*Work instruction*
Before writing out the records, remove the pictures; keep everything else exact.

┄┄┄┄┄┄┄┄┄┄

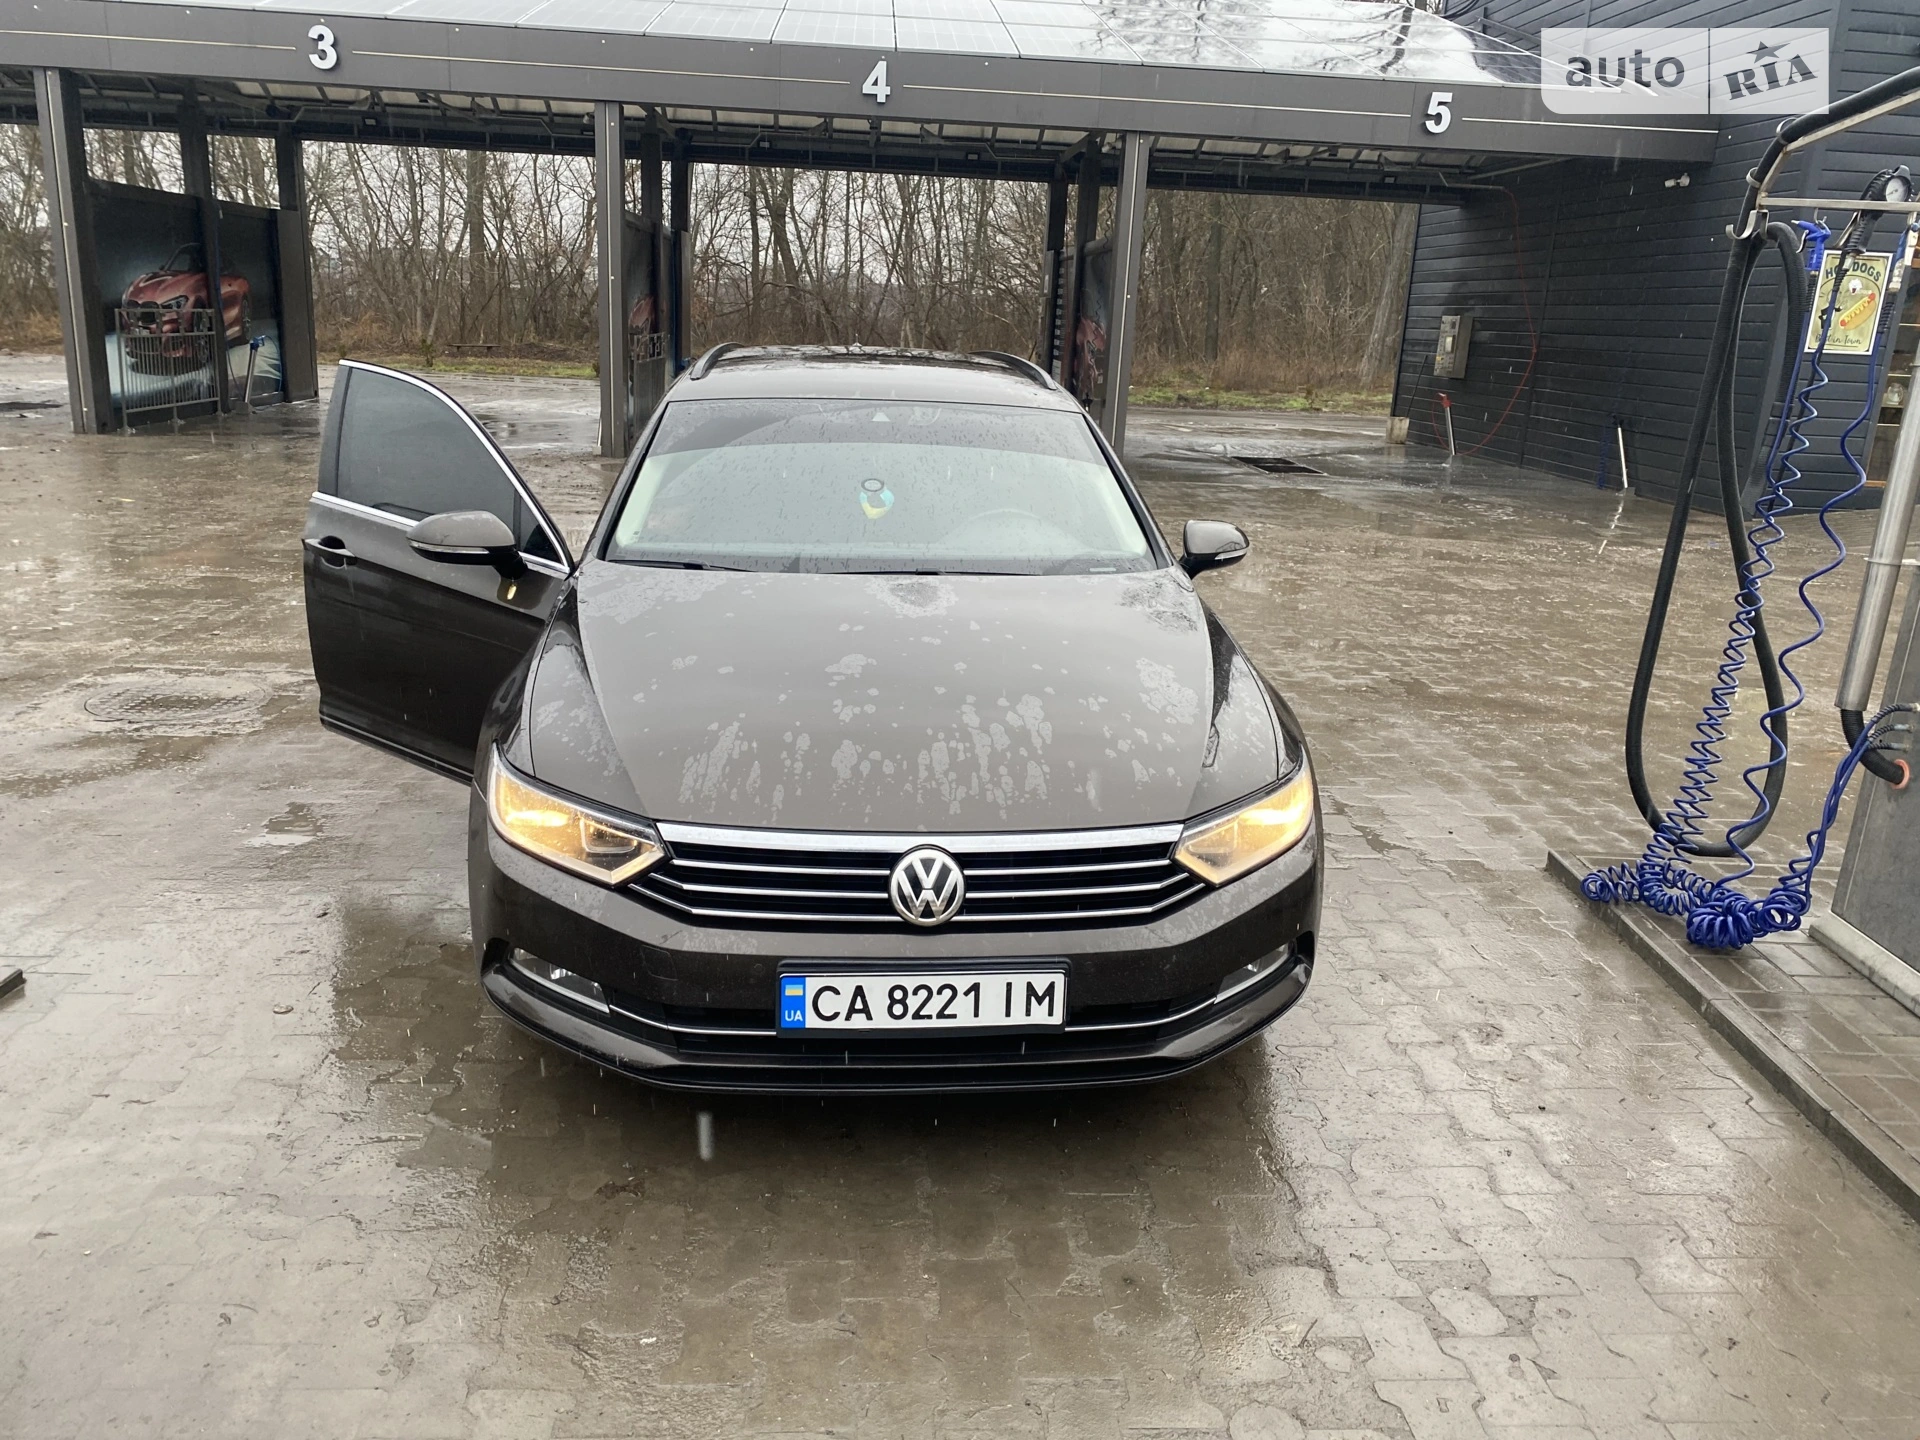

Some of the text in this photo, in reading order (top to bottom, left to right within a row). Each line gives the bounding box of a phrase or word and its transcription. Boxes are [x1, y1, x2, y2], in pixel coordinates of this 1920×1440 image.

[307, 24, 338, 71] 3
[861, 60, 891, 104] 4
[1424, 91, 1453, 134] 5
[1852, 261, 1882, 282] DOGS
[1844, 334, 1862, 345] Town
[896, 855, 959, 921] VW
[784, 1009, 804, 1022] UA
[811, 981, 1056, 1022] CA 8221 IM
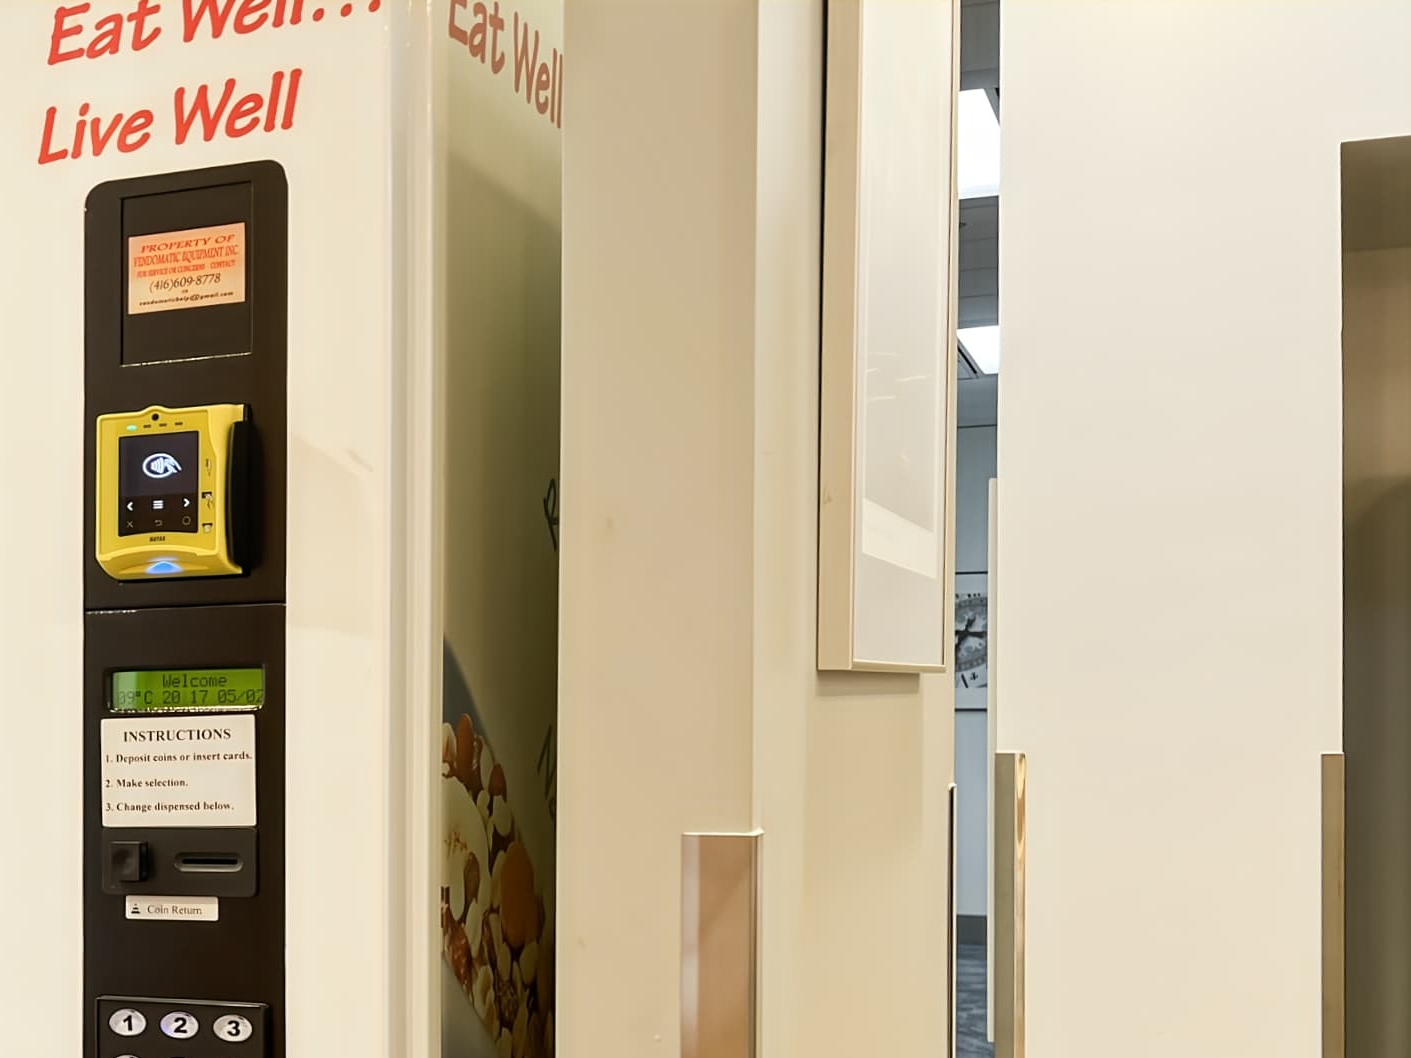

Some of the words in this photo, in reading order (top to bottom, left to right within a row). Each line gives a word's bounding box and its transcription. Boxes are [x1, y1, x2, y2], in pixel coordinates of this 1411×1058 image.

┄┄┄┄┄┄┄┄┄┄

*Finished exercise*
Some of the text in this photo, in reading order (top to bottom, left to right within a row). Each line gives the bounding box of a phrase or word and its transcription. Boxes are [x1, y1, x2, y2], in pixel coordinates of this 1920×1440 image.

[307, 24, 338, 71] 3
[861, 60, 891, 104] 4
[1424, 91, 1453, 134] 5
[1852, 261, 1882, 282] DOGS
[1844, 334, 1862, 345] Town
[896, 855, 959, 921] VW
[784, 1009, 804, 1022] UA
[811, 981, 1056, 1022] CA 8221 IM

Some of the words in this photo, in reading order (top to bottom, left to right within a row). Each line gives a word's bounding box and its transcription. Boxes are [x1, y1, x2, y2], in pixel coordinates of this 1411×1058 image.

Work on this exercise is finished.